There will always be a debate about whether Busch’s Truck series exploits are detrimental or beneficial to what is essentially a development series, but one that has something of a greater deal of autonomy compared to the Xfinity series. The tweet that set the ball rolling on all of this was a fan saying she started watching the Truck series because of Kyle Busch, and the races he does enter do tend to have higher TV viewing figures, but when he does win you’ll see a torrent of negativity from other fans no matter where you look.
There is little doubt that Kyle Busch is the best all-round driver in NASCAR right now. If he won on Friday or Saturday, but flopped on Sunday, nobody would care. Well, many might be happy because of his somewhat abrasive on-screen personality and his willingness to celebrate every win, no matter how minor, like a title triumph.
The thing is, Busch has earned the right to do that. He backs it all up by winning on Sunday too. His win record at the top level is effectively one in 10, second only to seven-time champion Jimmie Johnson, and he’s the only active driver to have won at every track he’s competed at, apart from the recently added Charlotte Roval. Meanwhile his 209 wins across NASCAR’s top-three divisions ranks higher than the great Richard Petty who came from a time of no second- or third-tier series, but could count multiple midweek races against varying competition.

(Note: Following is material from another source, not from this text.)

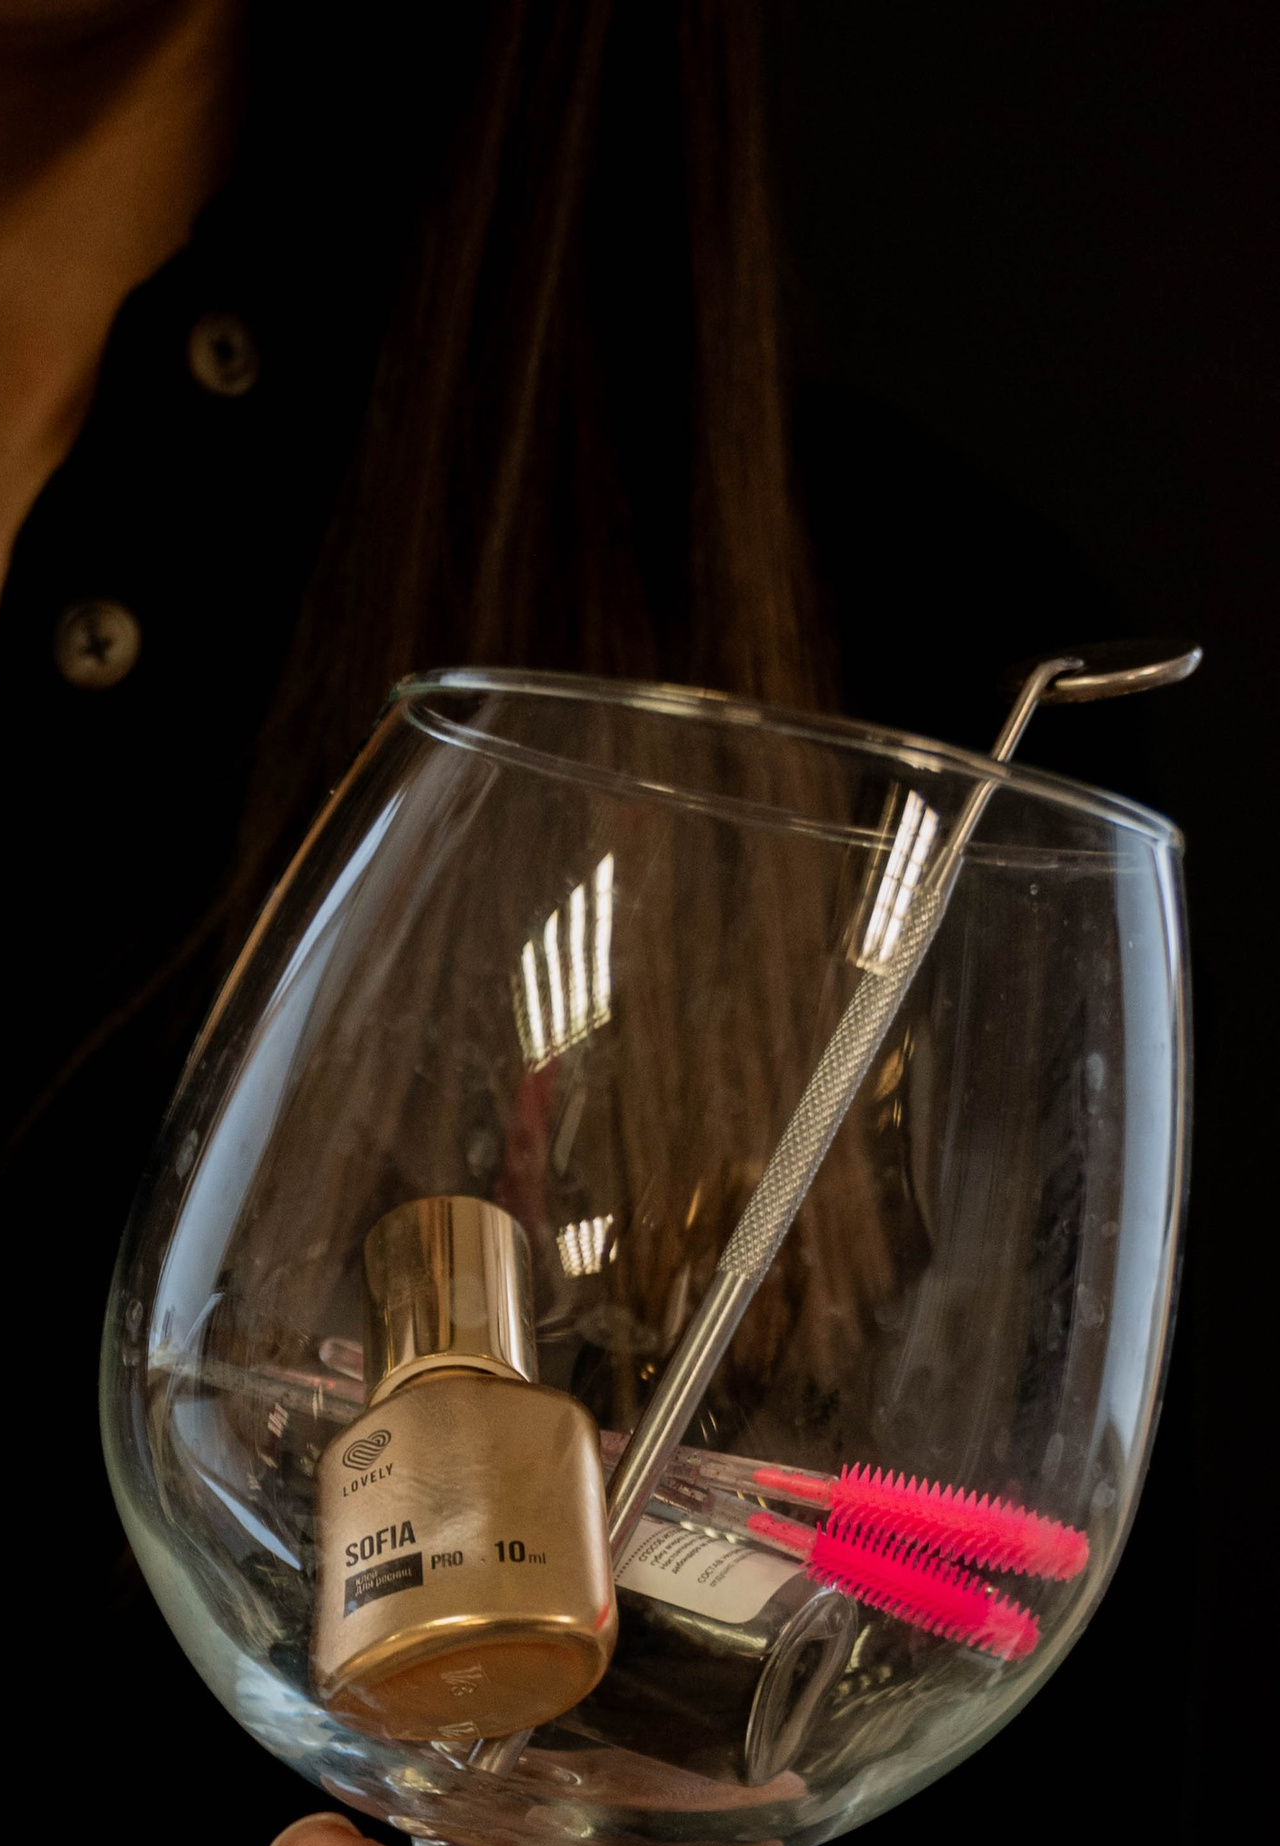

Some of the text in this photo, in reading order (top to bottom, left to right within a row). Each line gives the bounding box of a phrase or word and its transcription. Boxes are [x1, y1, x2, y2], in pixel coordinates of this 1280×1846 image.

[342, 1462, 394, 1498] LOVELY
[344, 1519, 417, 1568] SOFIA
[430, 1550, 464, 1570] PRO
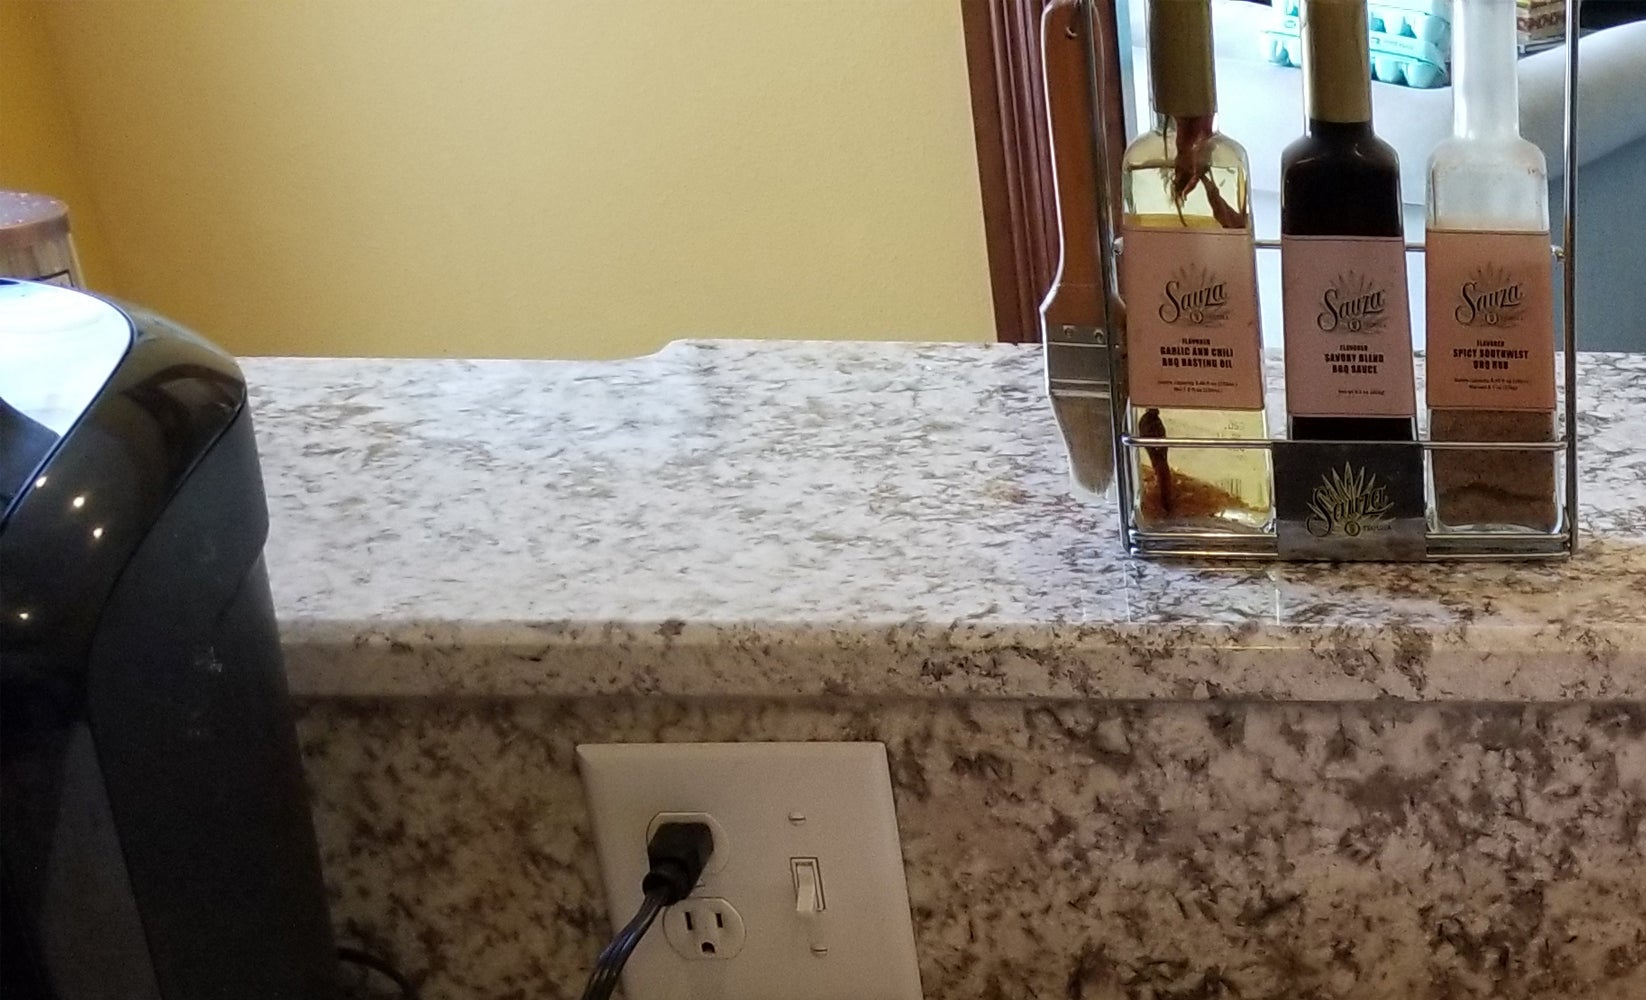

Busch competing at lower levels therefore is nothing but a good thing. Emerging talent gets to race against the best, drivers on the decline get another shot at a current superstar, and all the while the viewership increases, and we often find ourselves talking more about Truck racing than Cup racing in the days that follow.
Putting a bounty on Busch’s head only serves to increase all of those positives. Should he keep winning, his place as the undisputed king of the Truck series will remain (and the money will go to charity). Should he be beaten… well, can he be?